Here the fact of Amaziah sending to Jehoash is allegorized, and by it the pride and certain 'fall of the king of Israel is pointed out. .
3. Of the same nature is the advice of the woman of Tekoah—the speech of Nathan the prophet to David, when he was sent to bring to his remembrance his sin in the case of Uriah, and to lead him to repentance for it—and other instances contained in the Scriptures.
Of allegory the New Testament is, from its nature, very sparing. There is one instance, however, which, because it possesses a decided character, and from its having been so often noticed by writers on the subject of types, deserves particular attention here. It is,
4. That of Abraham and Agar.

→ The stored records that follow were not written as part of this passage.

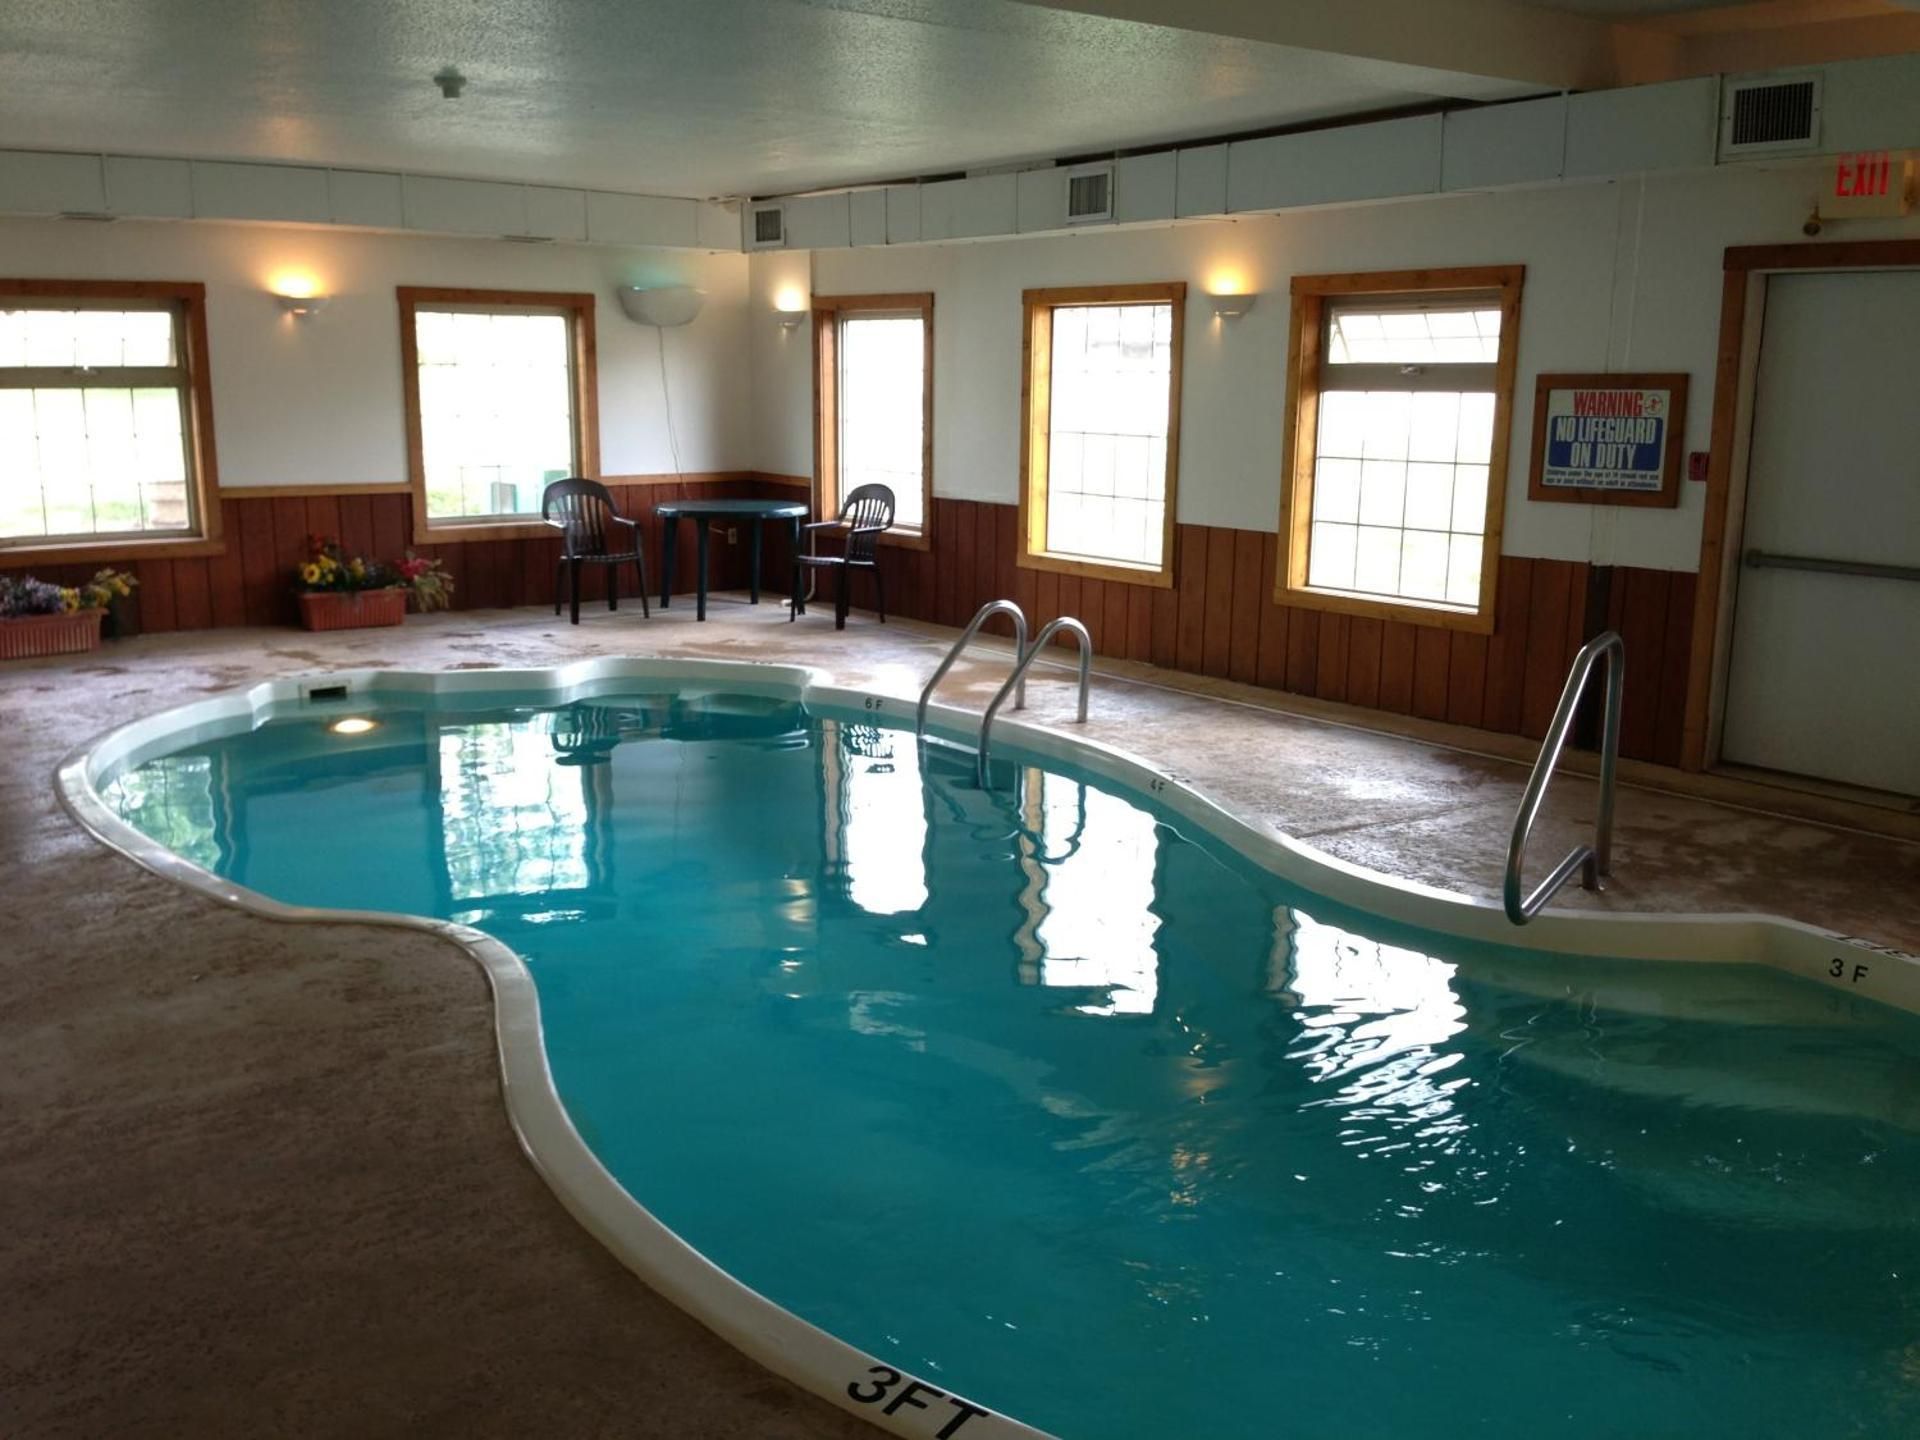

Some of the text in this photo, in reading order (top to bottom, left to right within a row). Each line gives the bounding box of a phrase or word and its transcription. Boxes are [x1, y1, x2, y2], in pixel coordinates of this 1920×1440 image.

[1835, 151, 1888, 197] EXIT
[1573, 391, 1644, 416] WARNING
[1556, 417, 1657, 444] NO LIFEGUARD
[1570, 442, 1637, 469] ON DUTY
[847, 1366, 989, 1440] 3FT

This is recorded in Galatians iv. 22: “ For it is written that Abraham had two sons, the one by a bondmaid, the other by a freewoman. But he who was of the bondwoman was born after the flesh; but he of the freewoman was by promise. Which things are an allegory: for these are the two covenants; the one from the Mount Sinai, which gendereth to bondage, which is Agar. For this Agar is Mount Sinai in Arabia, and answereth to Jerusalem which now is, and is in bondage with her children. But Jerusalem which is above is free, which is the mother of us all. For it is written, Rejoice, thou barren that bearest not; break forth and cry, thou that travailest not: for the desolate hath many more children than she which hath an husband. Now
we, brethren, as Isaac was, are the children of promise. But as then he that was born after the flesh persecuted him that was born after the Spirit, even so it is now. Nevertheless, what saith the Scripture ? Cast out the bondwoman and her son: for the son of the bondwoman shall not be heir with the son of the freewoman. . So then, brethren, we are not children of the bondwoman, but of the free." • One of the greatest advantages we possess in having the New Testament is, the light which it throws upon the Old. There are many things in the providence of God recorded in it which are still dark to us, but they would have been much more so but for this assistance. God often permitted events to take place in the world, and a line of conduct to be adopted by his servants, which, for the time being, must have seemed to involve a reflection upon his character, and for purposes which centred in himself. He was willing to let them remain in the obscurity in which they were involved at the period of their occurrence, and for years afterwards; but viewed in the lustre which this last dispensation sheds around them, what was before hidden is revealed, and the Divine wisdom is seen in events which it was difficult before to explain.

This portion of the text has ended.